* Prompt
Quote word for word the lines starting at the line with "this 1350×2400 image." and ending at the final line of the entries. Leave out any pictures.

(Data extracted from a collection)
....

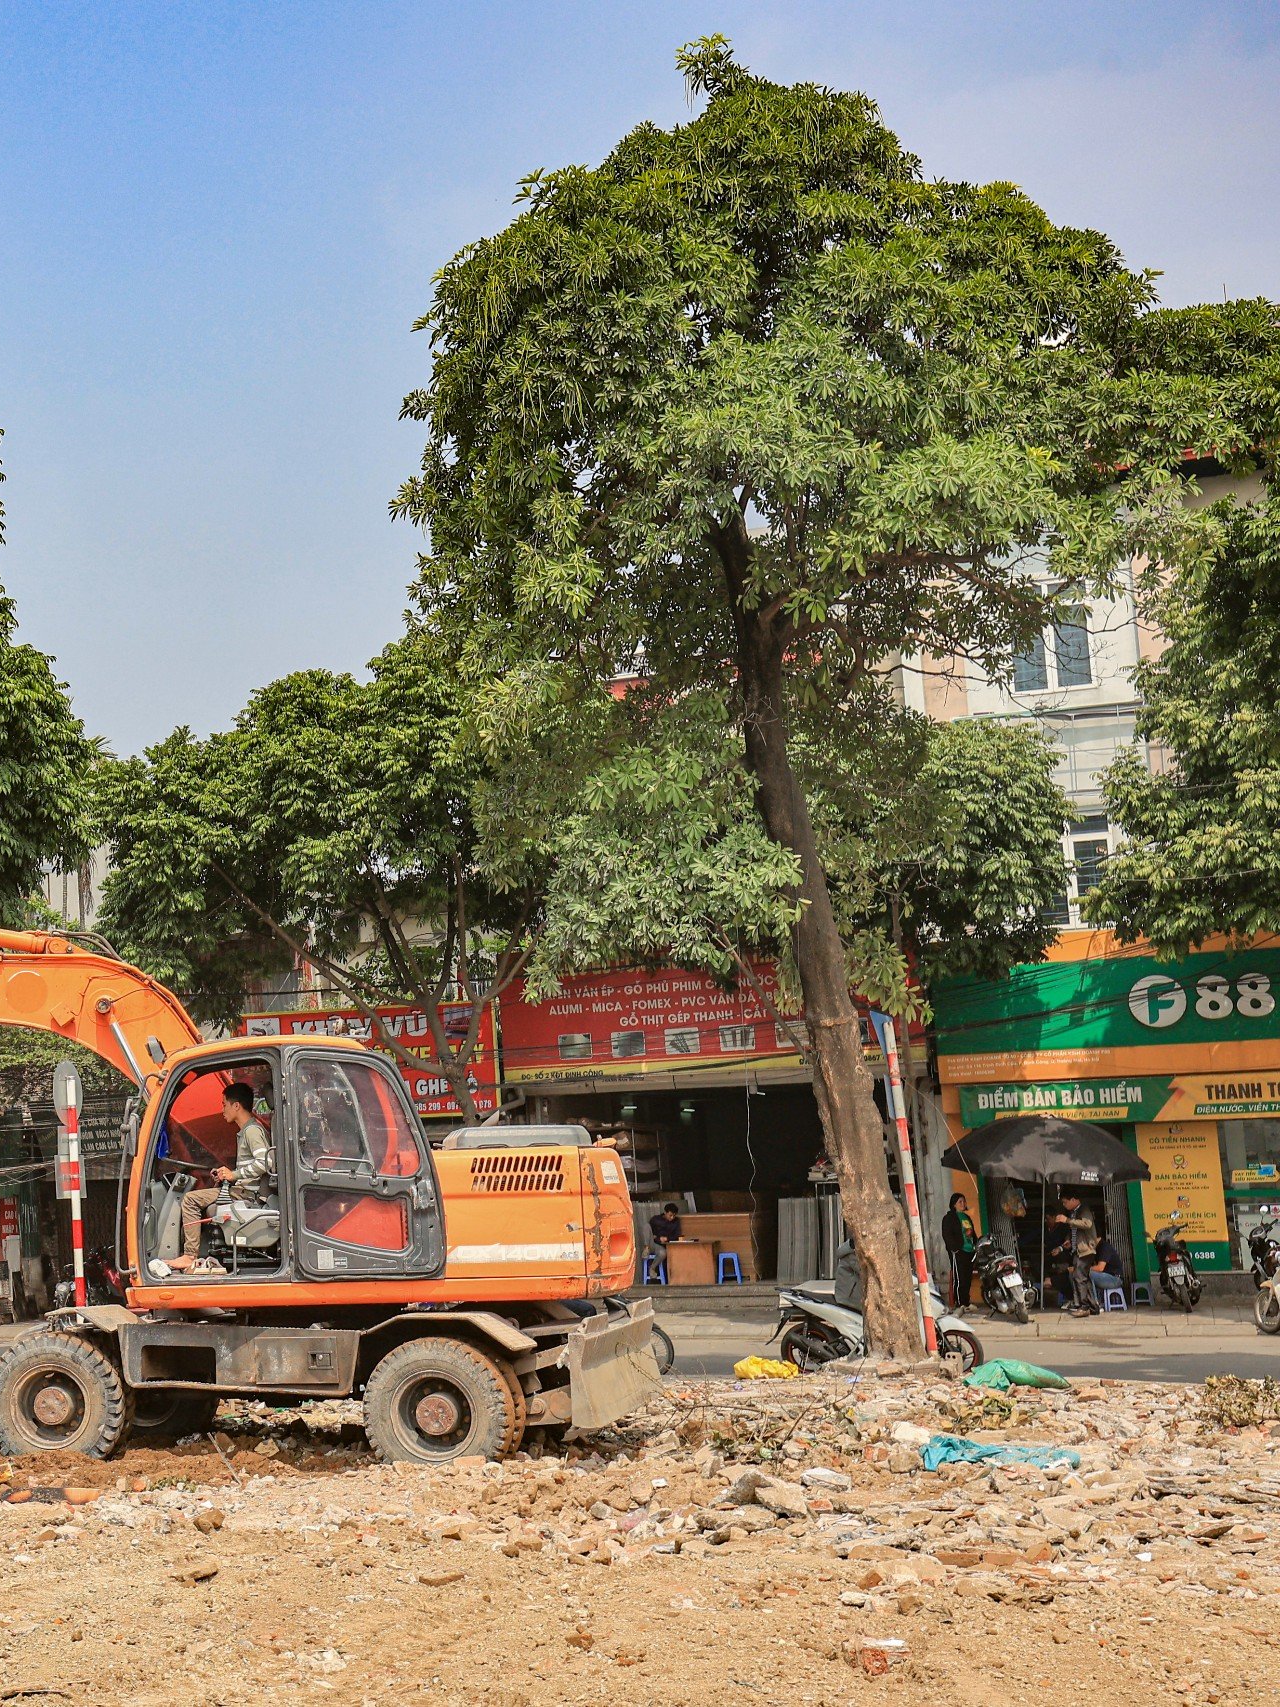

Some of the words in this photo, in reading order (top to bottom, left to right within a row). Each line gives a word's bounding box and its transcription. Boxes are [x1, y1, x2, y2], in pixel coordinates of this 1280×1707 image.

[624, 981, 643, 995] GỖ
[646, 979, 669, 994] PHỦ
[672, 980, 701, 993] PHIM
[549, 1004, 583, 1016] ALUMI
[593, 1002, 622, 1013] MICA
[632, 998, 671, 1011] FOMEX
[682, 996, 706, 1008] PVC
[390, 1011, 428, 1037] VŨ
[620, 1013, 639, 1027] GỖ
[641, 1014, 664, 1028] THỊT
[667, 1011, 691, 1024] GÉP
[694, 1009, 734, 1023] THANH
[583, 1069, 604, 1078] CÔNG
[978, 1086, 1019, 1109] ĐIỂM
[1024, 1087, 1056, 1107] BÁN
[1061, 1084, 1095, 1105] BẢO
[1099, 1081, 1143, 1104] HIỂM
[1205, 1083, 1263, 1100] THANH
[1196, 1106, 1217, 1114] ĐIỆN
[1248, 1101, 1269, 1112] VIỄN
[84, 1143, 95, 1151] LAN
[95, 1142, 107, 1150] CAN
[1172, 1172, 1187, 1180] BẢO
[1189, 1171, 1208, 1179] HIỂM
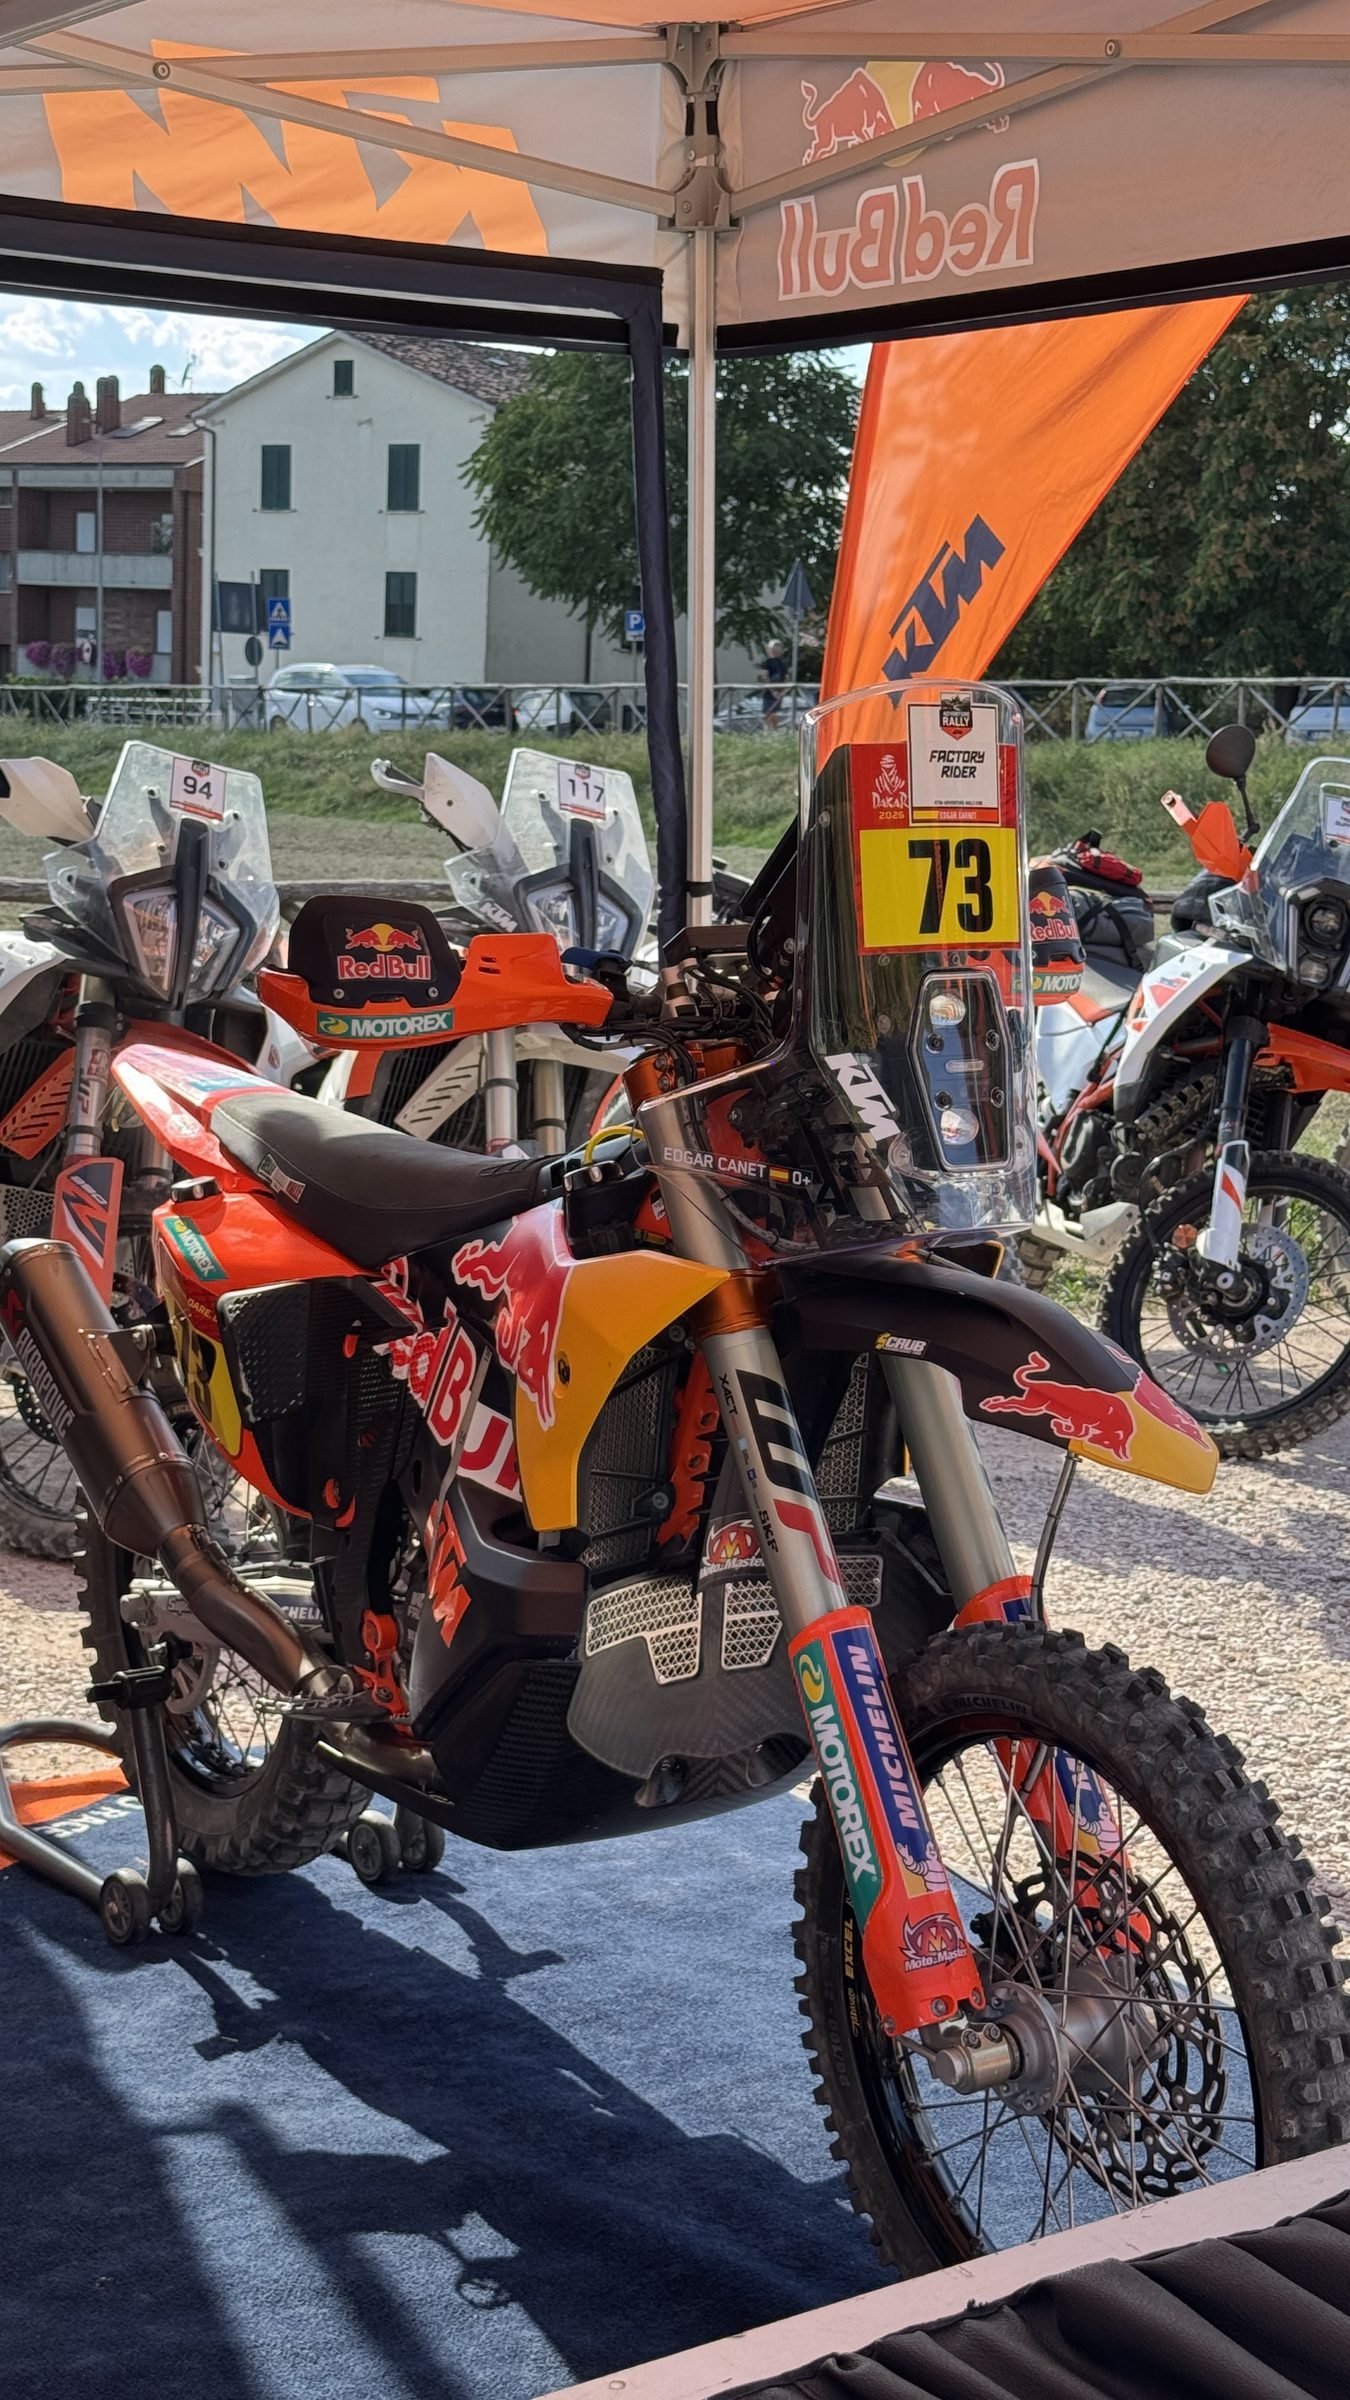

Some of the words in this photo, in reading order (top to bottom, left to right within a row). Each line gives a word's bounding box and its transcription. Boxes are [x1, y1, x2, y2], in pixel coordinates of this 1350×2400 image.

[629, 613, 642, 630] P
[881, 514, 1006, 710] KTM
[942, 716, 970, 727] RALLY
[929, 750, 985, 764] FACTORY
[941, 765, 977, 779] RIDER
[183, 776, 213, 800] 94
[568, 778, 604, 803] 117
[878, 811, 905, 820] 2026
[908, 838, 993, 934] 73
[480, 902, 519, 933] KTM
[351, 1013, 450, 1038] MOTOREX
[824, 1052, 901, 1142] KTM
[663, 1146, 714, 1169] EDGAR
[717, 1156, 767, 1179] CANET
[180, 1229, 216, 1278] MOTOREX
[875, 1332, 927, 1352] SCRUB
[719, 1373, 738, 1416] XACT
[759, 1509, 779, 1553] SKF
[424, 1499, 472, 1649] KTM
[282, 1605, 324, 1621] CHELI
[847, 1644, 920, 1831] MICHELIN
[810, 1703, 878, 1884] MOTOREX
[844, 1918, 854, 1980] EXCEL
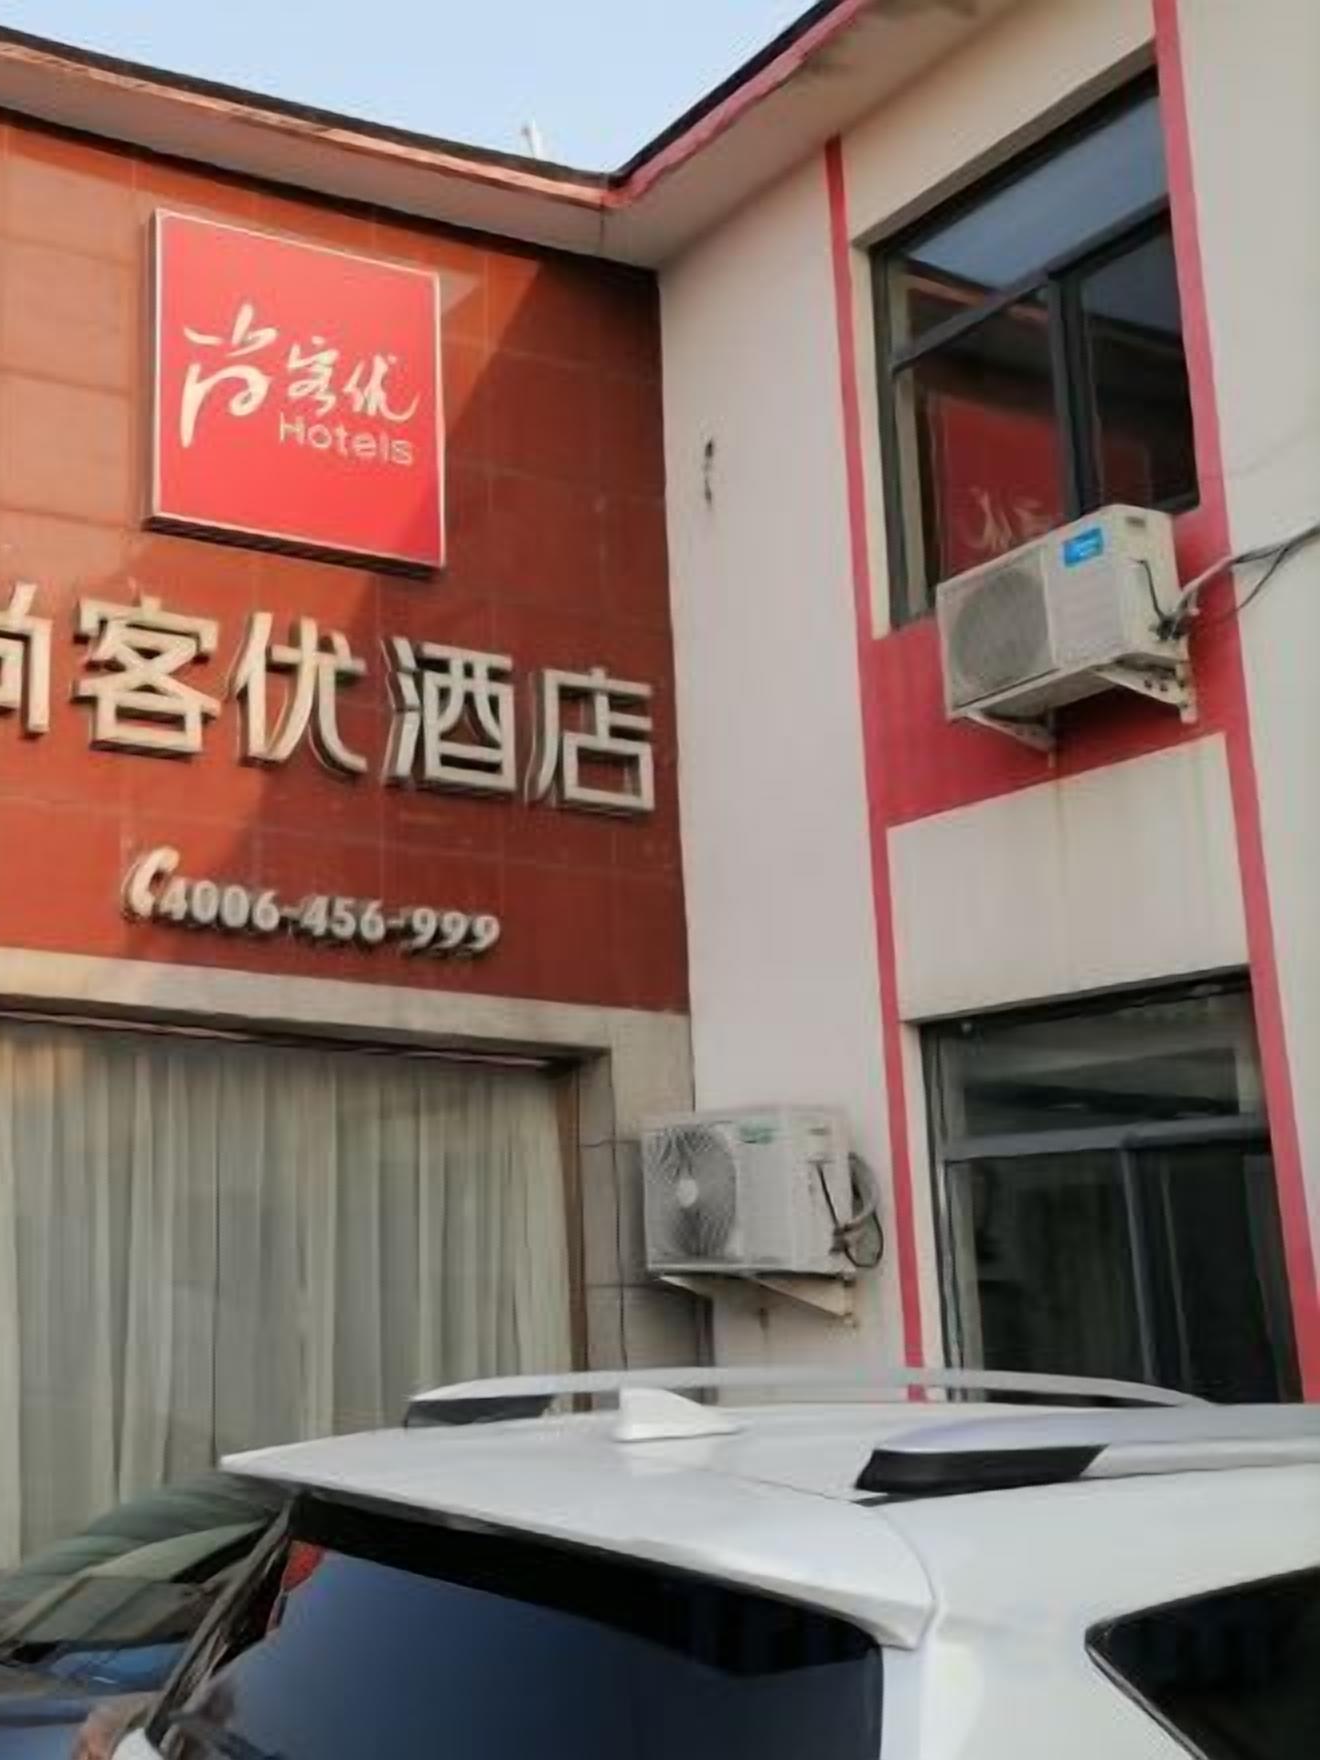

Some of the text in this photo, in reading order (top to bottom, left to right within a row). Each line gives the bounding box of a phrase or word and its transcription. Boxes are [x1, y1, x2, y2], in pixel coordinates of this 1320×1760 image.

....

* Answer section
Some of the words in this photo, in reading order (top to bottom, left to right within a row). Each line gives a word's bounding box and its transcription. Boxes are [x1, y1, x2, y2], in pixel coordinates of this 1350×2400 image.

[629, 613, 642, 630] P
[881, 514, 1006, 710] KTM
[942, 716, 970, 727] RALLY
[929, 750, 985, 764] FACTORY
[941, 765, 977, 779] RIDER
[183, 776, 213, 800] 94
[568, 778, 604, 803] 117
[878, 811, 905, 820] 2026
[908, 838, 993, 934] 73
[480, 902, 519, 933] KTM
[351, 1013, 450, 1038] MOTOREX
[824, 1052, 901, 1142] KTM
[663, 1146, 714, 1169] EDGAR
[717, 1156, 767, 1179] CANET
[180, 1229, 216, 1278] MOTOREX
[875, 1332, 927, 1352] SCRUB
[719, 1373, 738, 1416] XACT
[759, 1509, 779, 1553] SKF
[424, 1499, 472, 1649] KTM
[282, 1605, 324, 1621] CHELI
[847, 1644, 920, 1831] MICHELIN
[810, 1703, 878, 1884] MOTOREX
[844, 1918, 854, 1980] EXCEL

Some of the text in this photo, in reading order (top to bottom, left to right within a row). Each line gives the bounding box of a phrase or word and its transcription. Boxes are [x1, y1, x2, y2], in pixel coordinates of this 1320×1760 image.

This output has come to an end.